During Van Diemen’s Land’s Black War, a young Irish convict woman named Claire (a hugely impressive Aisling Franciosi) hunts a British officer through the rugged Tasmanian wilderness, dead set on revenge for a sickening acts of violence he committed against her family.
Along the way she enlists the services of an Aboriginal tracker named Billy (Baykali Ganambarr), who has his own traumatic backstory. Together, they snarl their way across an unruly landscape until they come to realise they have one thing in common: “I hate the feckin’ English!”
It’s a fair sentiment in the circumstances. Clare’s nemesis Lieutenant Hawkins (Sam Claflin) and his ghastly henchmen are indiscriminately barbaric. The film’s plot has echoes of True Grit and other hellbent westerns but the foes are blacker than the blackhats that populate Cormac McCarthy’s Blood Meridian.
Jennifer Kent’s eagerly awaited follow-up to The Babadook is not, generically speaking, a horror film. And yet, the film which has inspired sensational stories of walkouts and faintings, is far more gruelling and nightmarish than its predecessor.

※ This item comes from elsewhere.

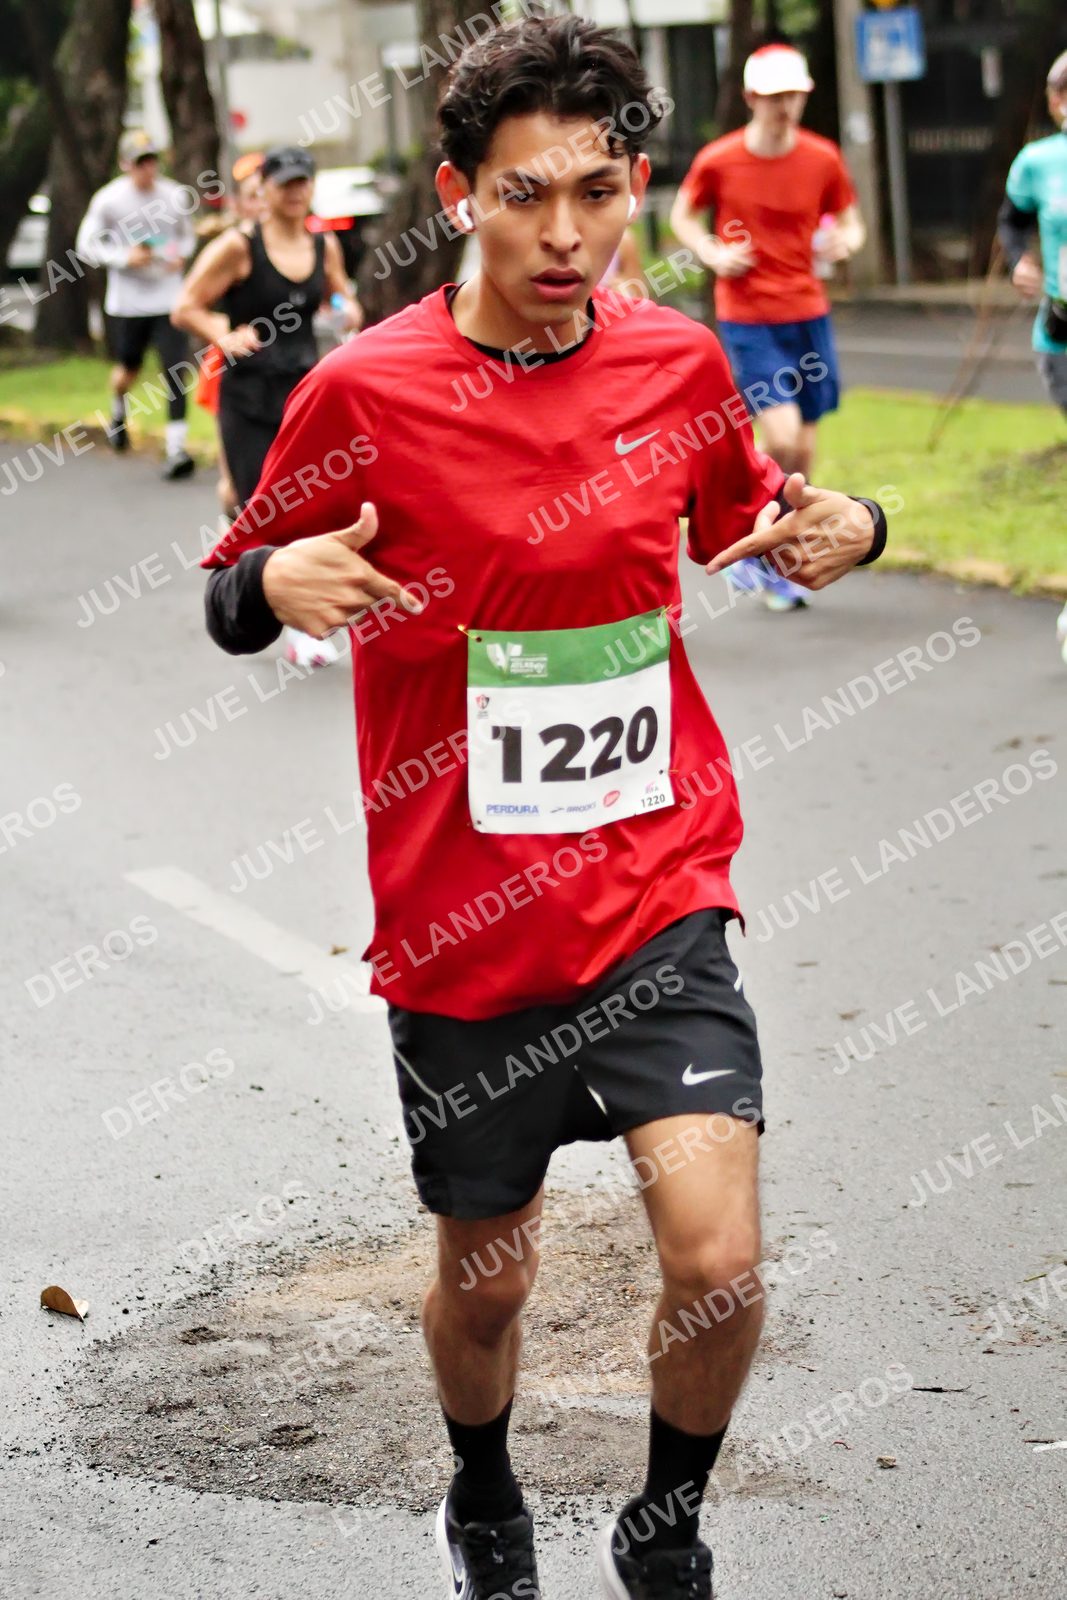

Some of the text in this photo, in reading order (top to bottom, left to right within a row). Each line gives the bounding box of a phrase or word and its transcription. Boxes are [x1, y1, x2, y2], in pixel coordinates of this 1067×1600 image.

[491, 705, 658, 784] 1220
[641, 793, 666, 808] 1220
[486, 804, 539, 816] PERDURA
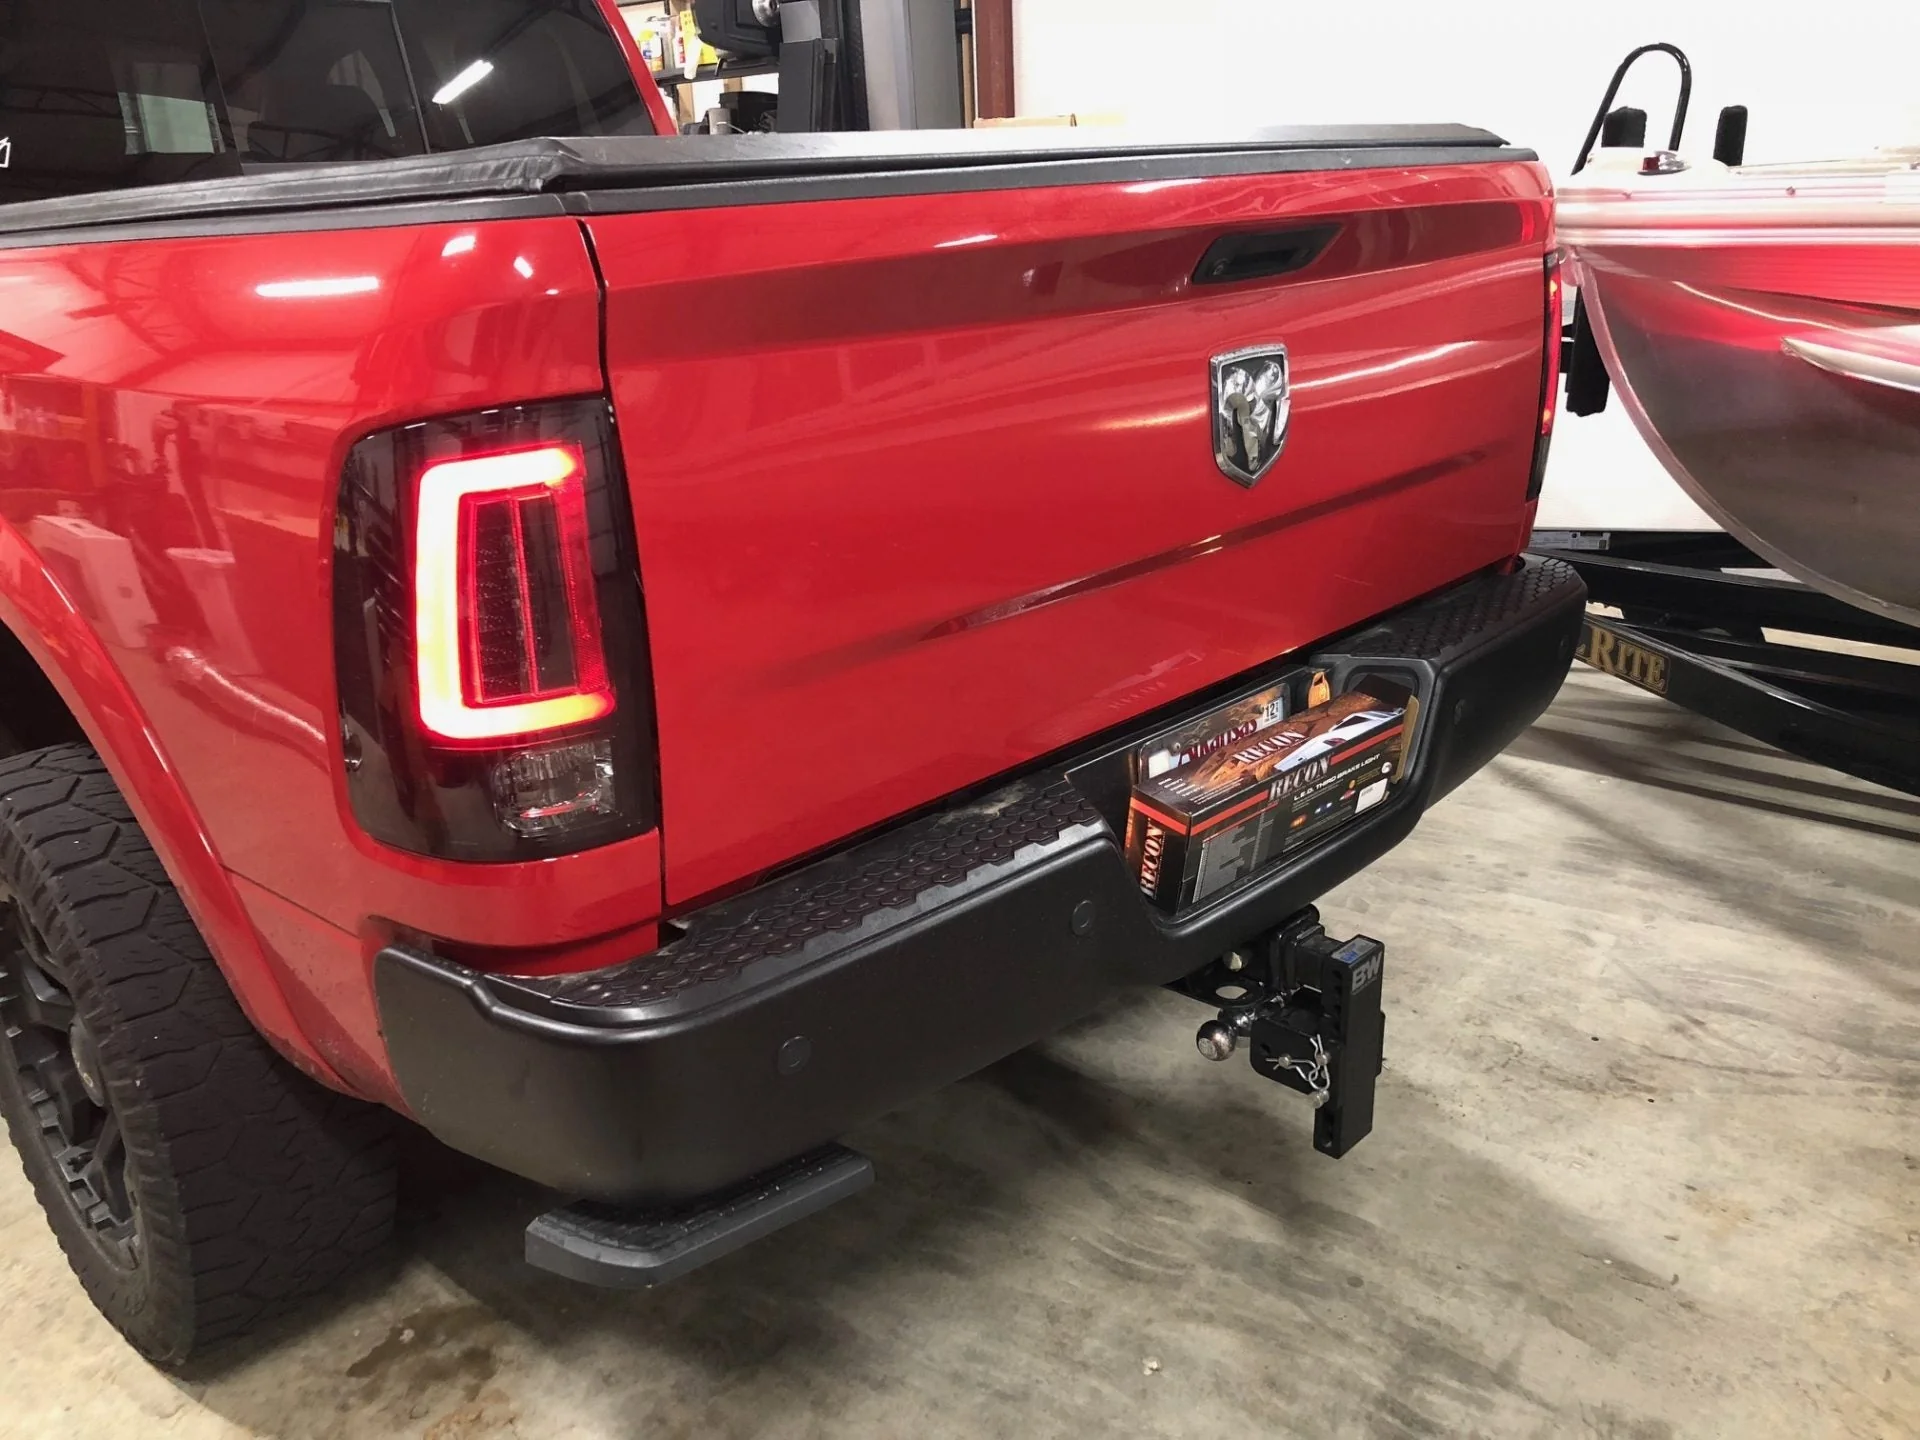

In a recent interview Baykali Ganambarr, the breakout Aboringinal star of the Nightingale, revealed that there were psychologists on set to help the cast as they enacted brutal rapes and murders. Arguably, it’s as nasty and unflinching a post-colonial revenge fantasy as a historical genocide demands.
A slightly overextended run time and a meandering last act – in which the hitherto steely Clare appears to lose her nerve – dulls some of the impact. The Nightingale remains an extraordinary film, powered by political and historical fury. The use of Gaelic and Palawa kani and a melancholic final sequence add elegiac notes to the righteous anger.